King Charles House stands in New Street and is a restaurant, although it wasn’t in 1651 when the later to be Charles II briefly tarried there after realising he was on the losing side in the Battle of Worcester.

Choosing discretion over valour, he high-tailed it north to Boscobel in Staffordshire and somehow ended up in France, which is in completely the other direction.

At the time the property was owned by Edward Durant, a grandson of Richard Durant, a wealthy brewer who had built it as his two storey home in 1577. When Charles II (then still Prince Charles) arrived in Worcester with his mostly Scottish army, Edward offered to put him up and the use of his house as the Royalist HQ.

A decision young Durant probably regretted, because the day ended badly with him having his front door kicked in by furious Roundheads as Charles galloped hell for leather up Ombersley Road en route to Stourbridge.

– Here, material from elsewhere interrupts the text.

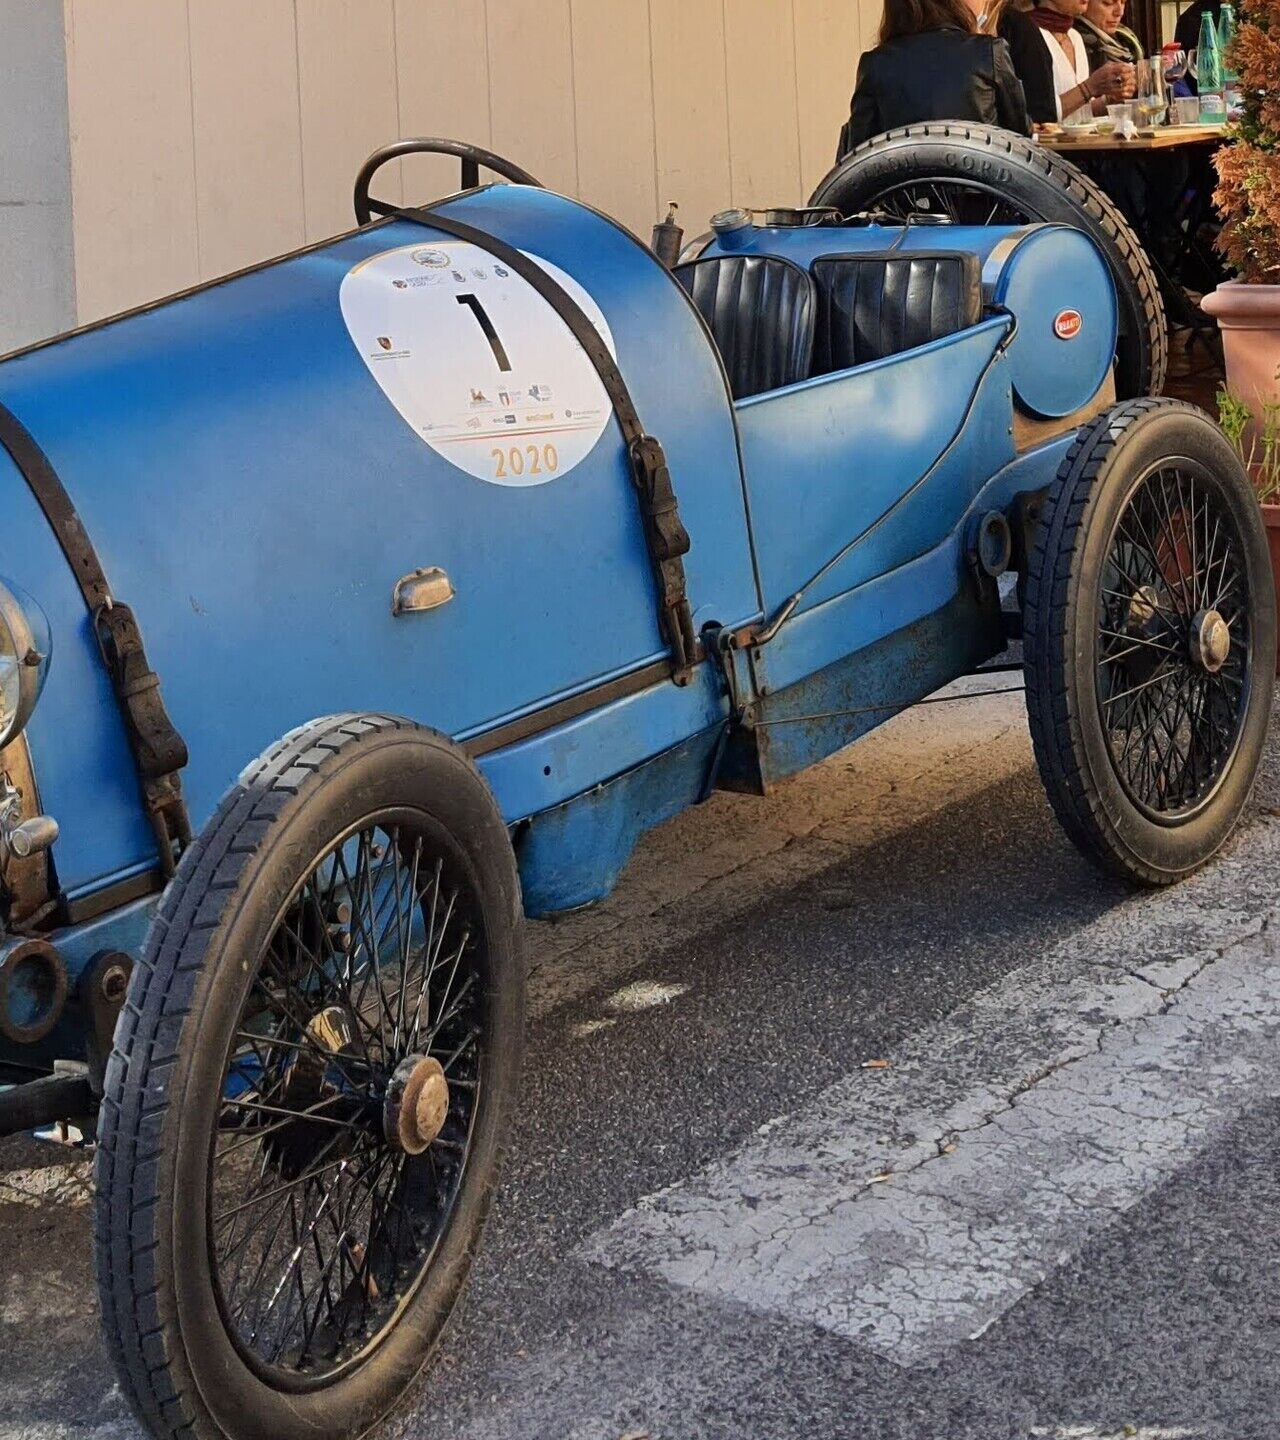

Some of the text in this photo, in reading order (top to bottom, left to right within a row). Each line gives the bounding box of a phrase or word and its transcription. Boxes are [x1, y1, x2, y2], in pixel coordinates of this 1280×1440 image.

[943, 150, 1014, 183] CORD
[455, 293, 512, 373] 1
[490, 443, 559, 478] 2020

However the choice of the New Street  premises had been fortuitous for the future king because it offered the only possible exit out of the city. Tradition has it that Parliamentary troopers arrived at the front door as Charles left by the small back entrance through the city walls and mounted his waiting horse.

Accompanied by Lord Wilmot he rode across fields and along a path now called Sansome Walk to Barbourne, where the couple, feeling they had outfoxed their pursuers, paused to catch breath and take a recce.

They then decided to join the Ombersley Road and head for a crossing point of the Severn somewhere near Holt Fleet. Thus began one of the greatest escapes in British history.

Back in New Street, it was probably Edward Durant who modified the original house, dividing and extending the northern part to form a separate dwelling. In more recent times this has become a restaurant. To compensate for the lost space, Edward built another storey onto the existing building.

By the 1660s the property had been bought by William Woodward and although there is a belief the Berkeleys of Spetchley, one of the county’s leading Roman Catholic families, were also once owners several historians consider this unlikely, pointing out the Berkeleys certified town house was in Mealcheapen Street, just round the corner and they wouldn’t need two within a stone’s throw.